──────── Records shown

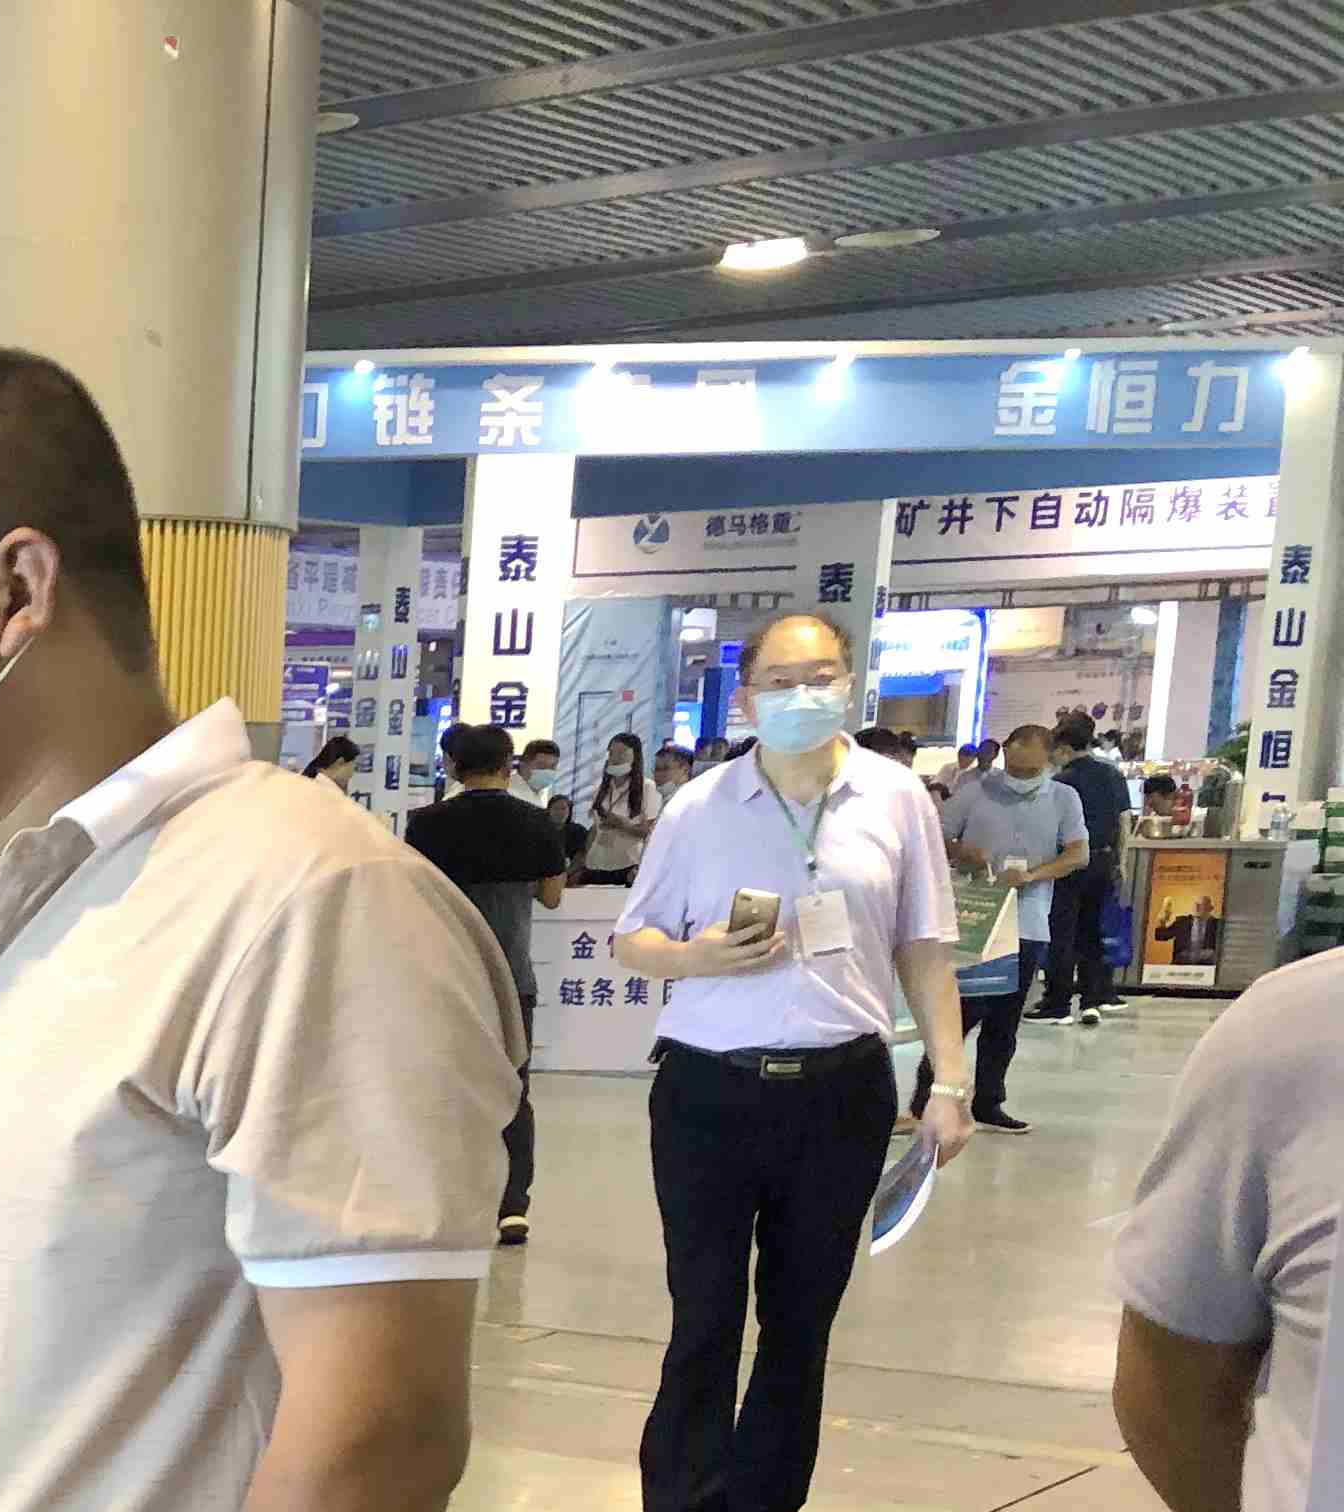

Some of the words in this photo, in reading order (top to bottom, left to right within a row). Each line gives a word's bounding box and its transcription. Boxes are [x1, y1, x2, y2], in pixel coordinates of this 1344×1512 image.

[994, 358, 1249, 437] 金恒力
[489, 534, 539, 765] 泰山金
[1259, 543, 1313, 802] 泰山金恒
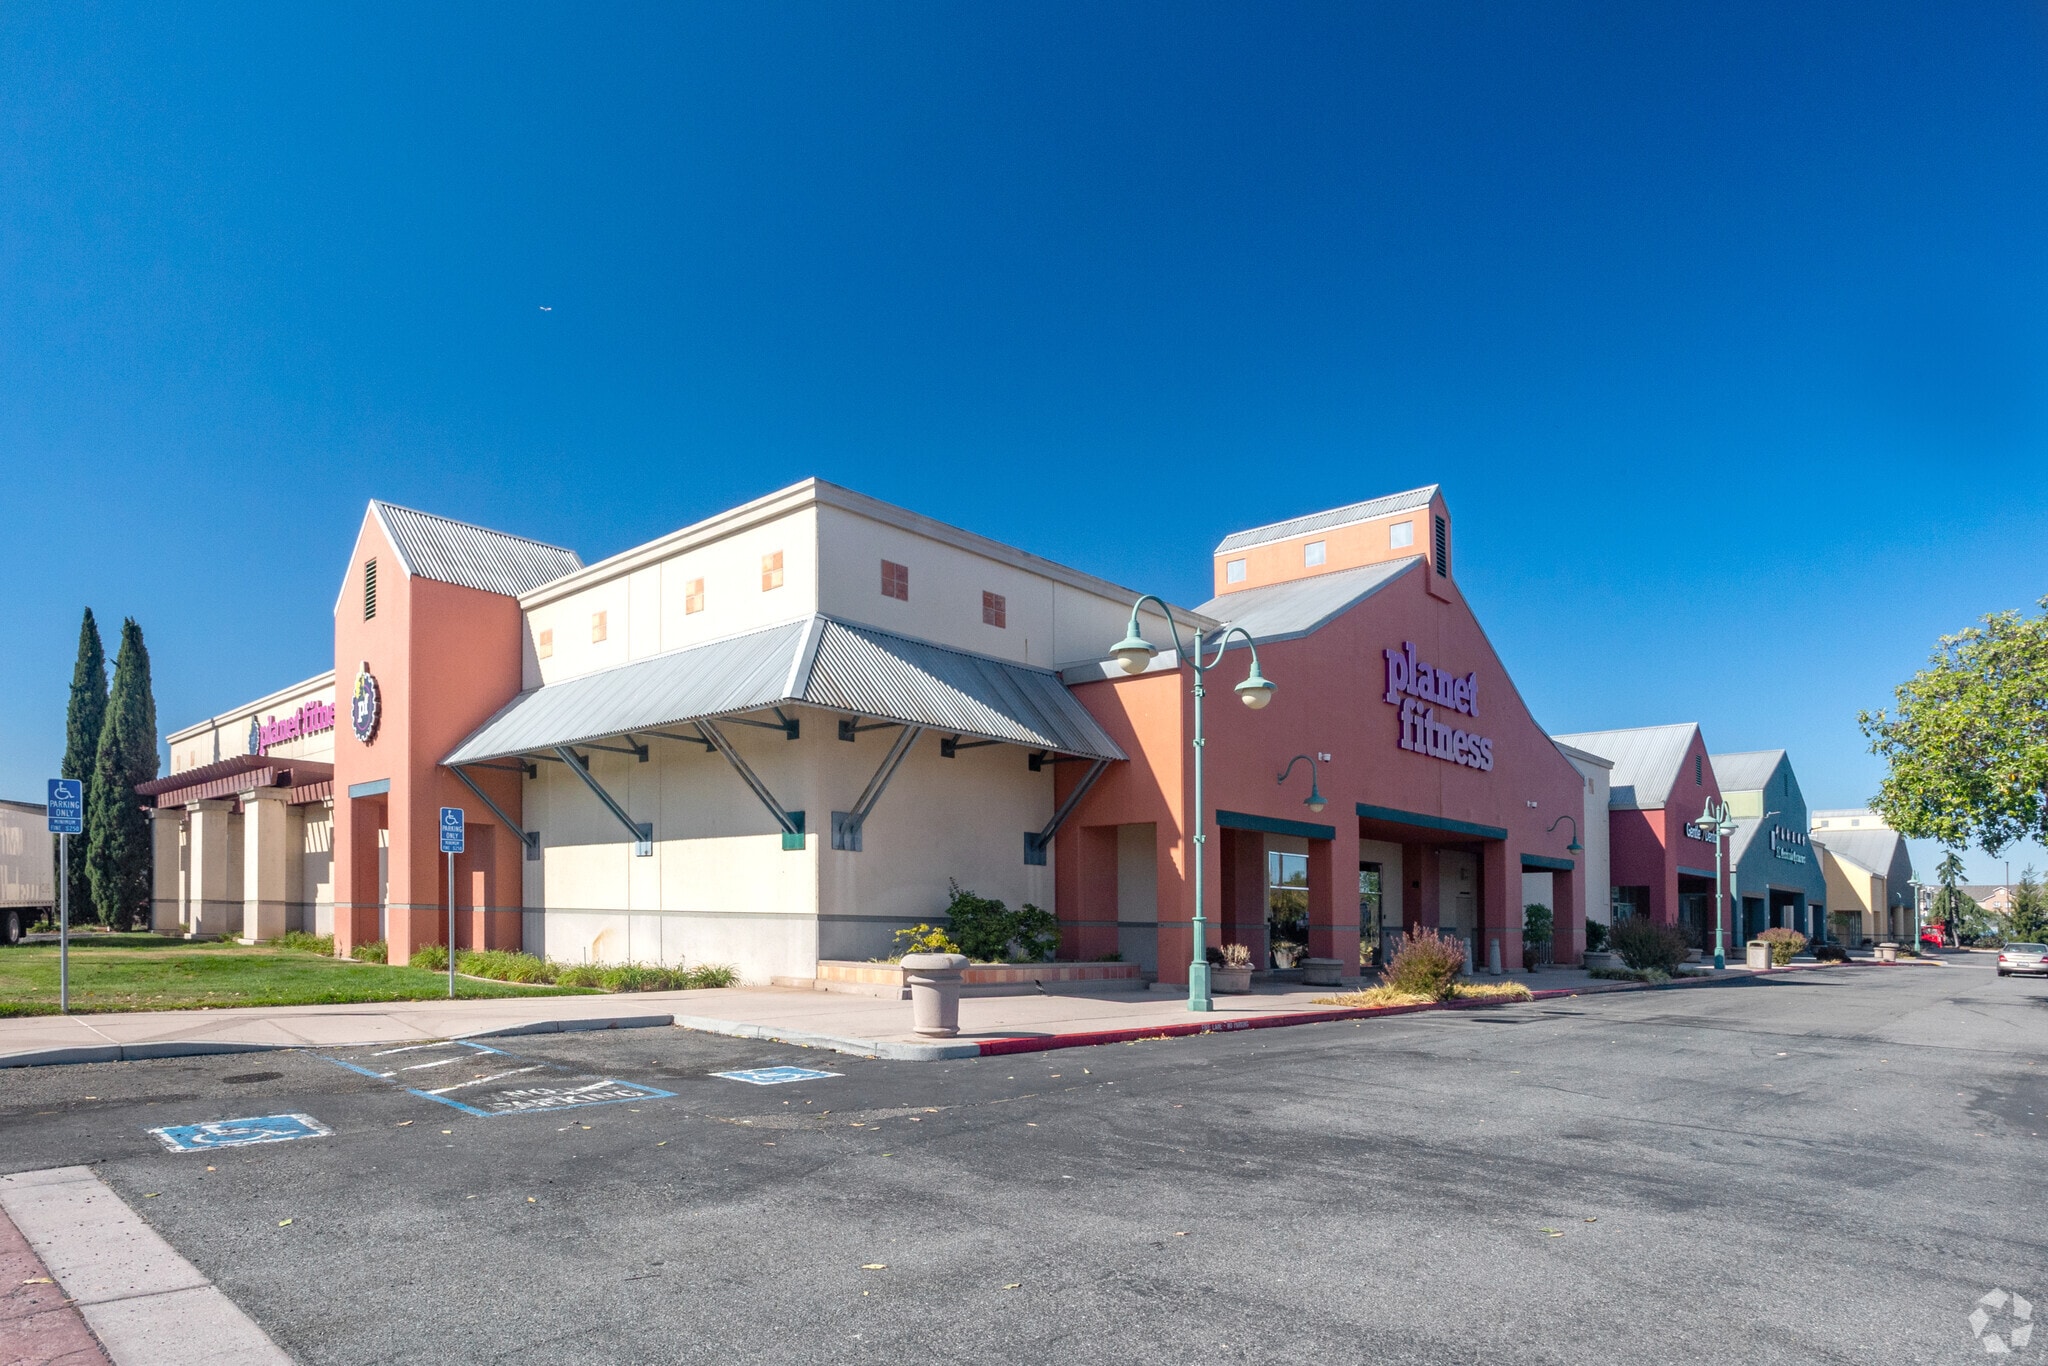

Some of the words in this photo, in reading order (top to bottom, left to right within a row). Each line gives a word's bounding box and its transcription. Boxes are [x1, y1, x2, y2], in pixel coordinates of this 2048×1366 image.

[1384, 641, 1479, 717] planet
[358, 693, 369, 723] pf
[259, 708, 302, 756] planet
[302, 701, 334, 733] fitne
[1398, 699, 1493, 771] fitness
[50, 800, 79, 809] PARKING
[56, 809, 74, 817] ONLY
[488, 1089, 644, 1109] PARKING
[503, 1088, 556, 1097] NO

────────────────

Copy the data word for word, no pictures.

Completed task —
Some of the words in this photo, in reading order (top to bottom, left to right within a row). Each line gives a word's bounding box and its transcription. Boxes are [x1, y1, x2, y2], in pixel coordinates of this 1344×1512 image.

[994, 358, 1249, 437] 金恒力
[489, 534, 539, 765] 泰山金
[1259, 543, 1313, 802] 泰山金恒

Some of the words in this photo, in reading order (top to bottom, left to right within a row). Each line gives a word's bounding box and its transcription. Boxes are [x1, y1, x2, y2], in pixel coordinates of this 2048×1366 image.

[1384, 641, 1479, 717] planet
[358, 693, 369, 723] pf
[259, 708, 302, 756] planet
[302, 701, 334, 733] fitne
[1398, 699, 1493, 771] fitness
[50, 800, 79, 809] PARKING
[56, 809, 74, 817] ONLY
[488, 1089, 644, 1109] PARKING
[503, 1088, 556, 1097] NO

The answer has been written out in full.